▶ _Provided records_:
....................
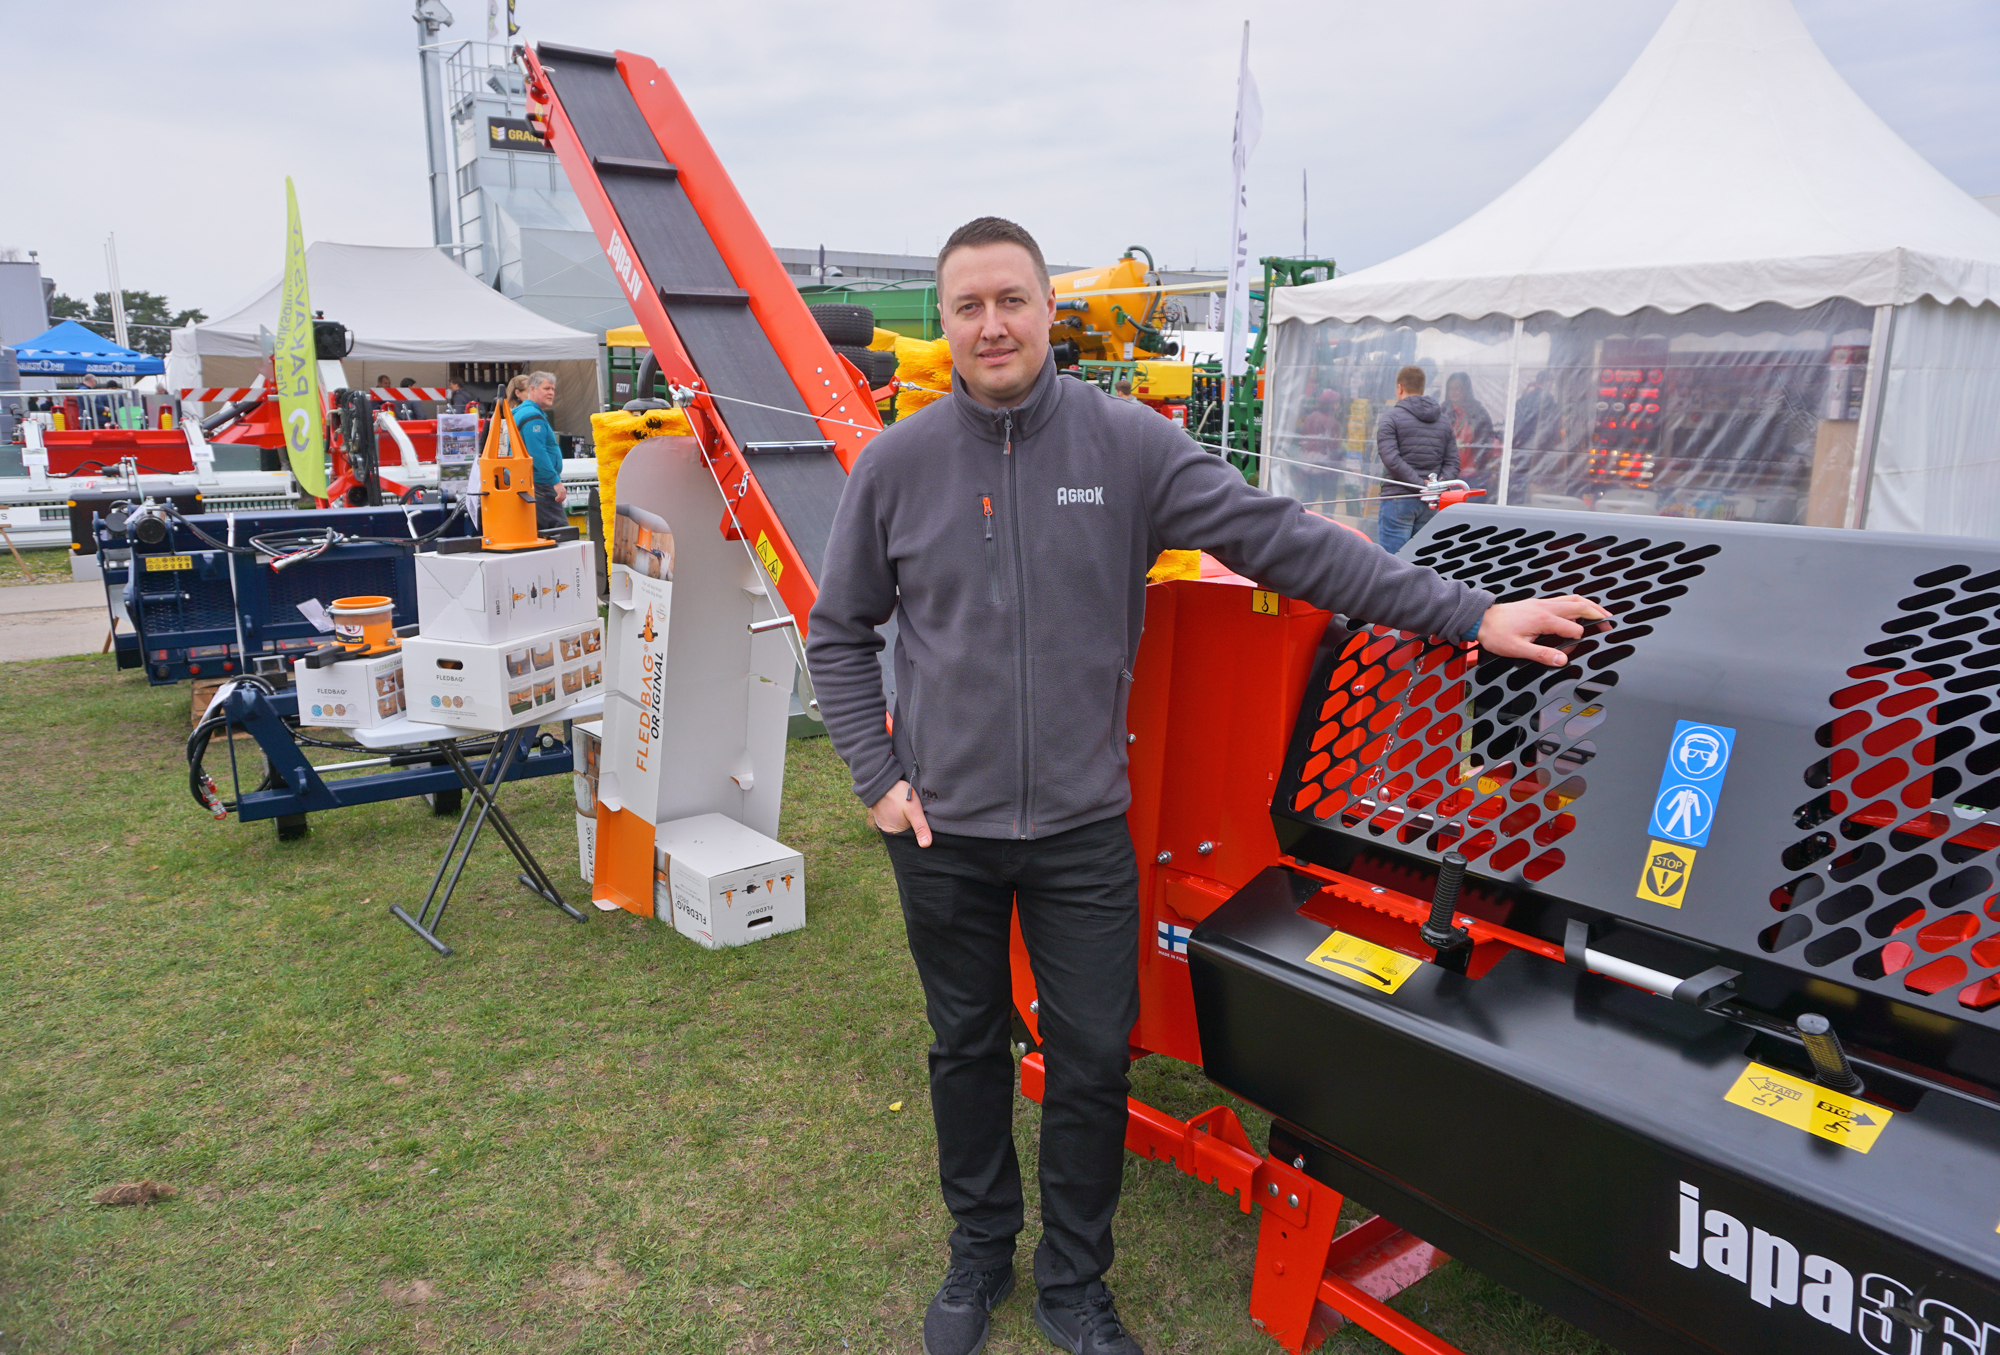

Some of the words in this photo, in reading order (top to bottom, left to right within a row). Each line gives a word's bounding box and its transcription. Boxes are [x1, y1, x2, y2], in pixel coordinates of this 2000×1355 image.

[651, 652, 664, 740] ORIGINAL
[1655, 856, 1683, 870] STOP
[1158, 950, 1170, 958] MADE
[1176, 955, 1189, 963] FINLA
[1765, 1081, 1802, 1101] START
[1820, 1101, 1858, 1120] STOP
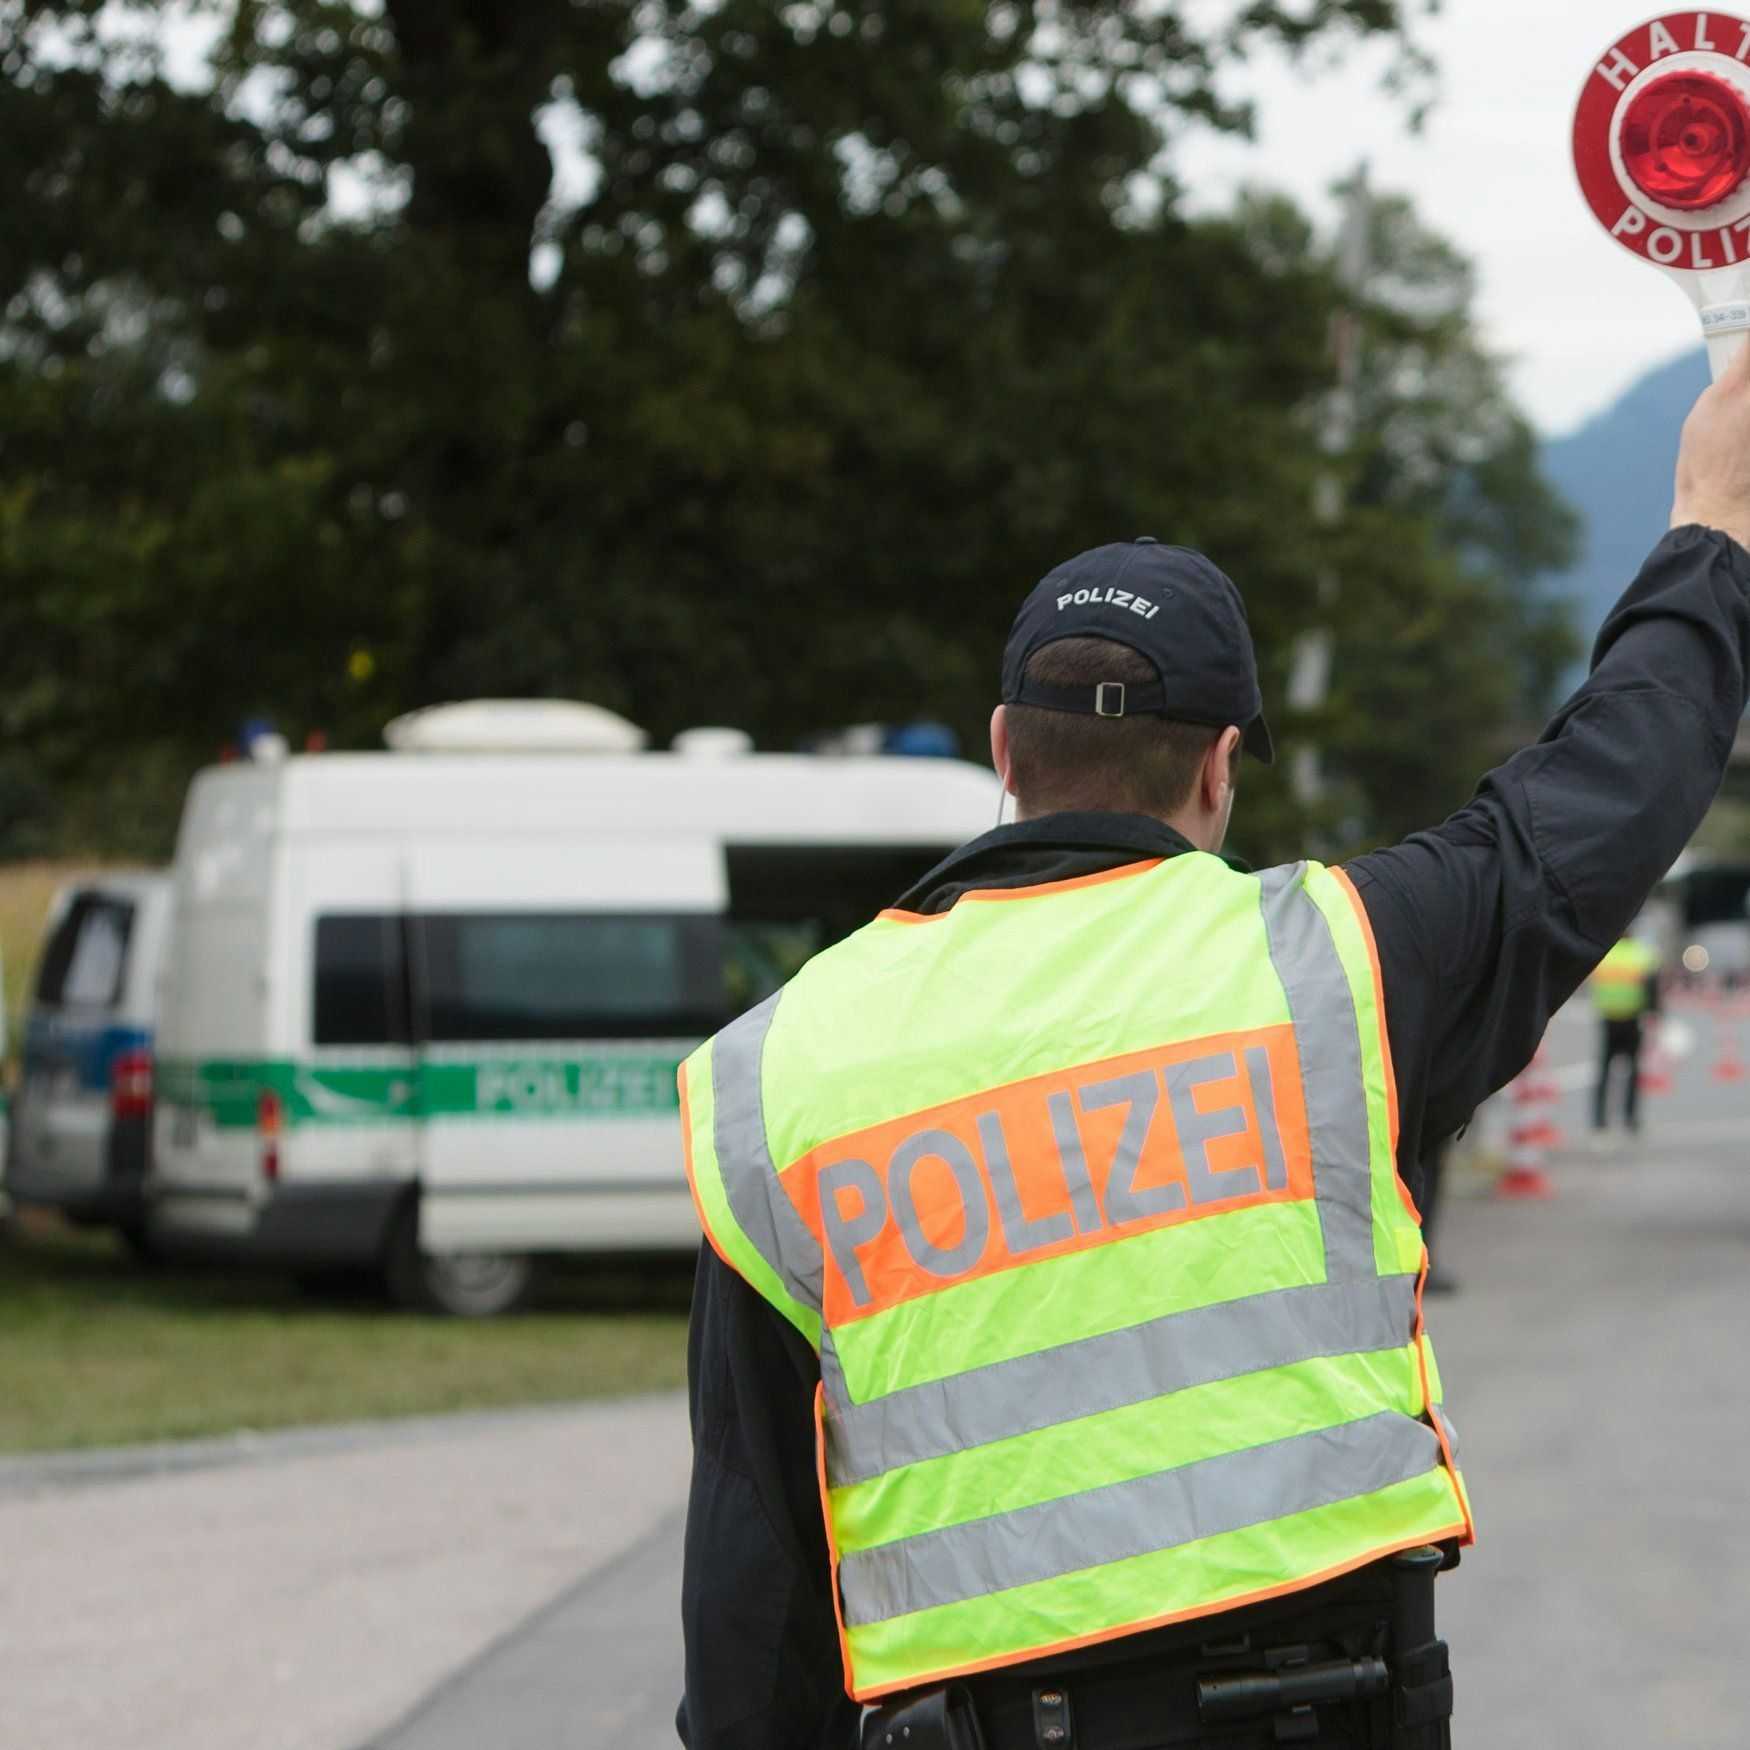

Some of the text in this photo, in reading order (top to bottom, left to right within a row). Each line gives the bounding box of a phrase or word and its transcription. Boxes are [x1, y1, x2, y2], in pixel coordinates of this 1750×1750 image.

[1056, 587, 1160, 620] POLIZEI
[477, 1061, 674, 1111] POLIZEI
[817, 1045, 1289, 1308] POLIZEI
....................
▶ _Work request_:
Return the line that contains "Some of the text" along with every line after it through the end of the entries, exactly, adding nothing.

▶ _Solution_:
Some of the text in this photo, in reading order (top to bottom, left to right within a row). Each line gives the bounding box of a phrase or word and its transcription. Boxes are [x1, y1, x2, y2], in pixel coordinates of this 1750×1750 image.

[1056, 587, 1160, 620] POLIZEI
[477, 1061, 674, 1111] POLIZEI
[817, 1045, 1289, 1308] POLIZEI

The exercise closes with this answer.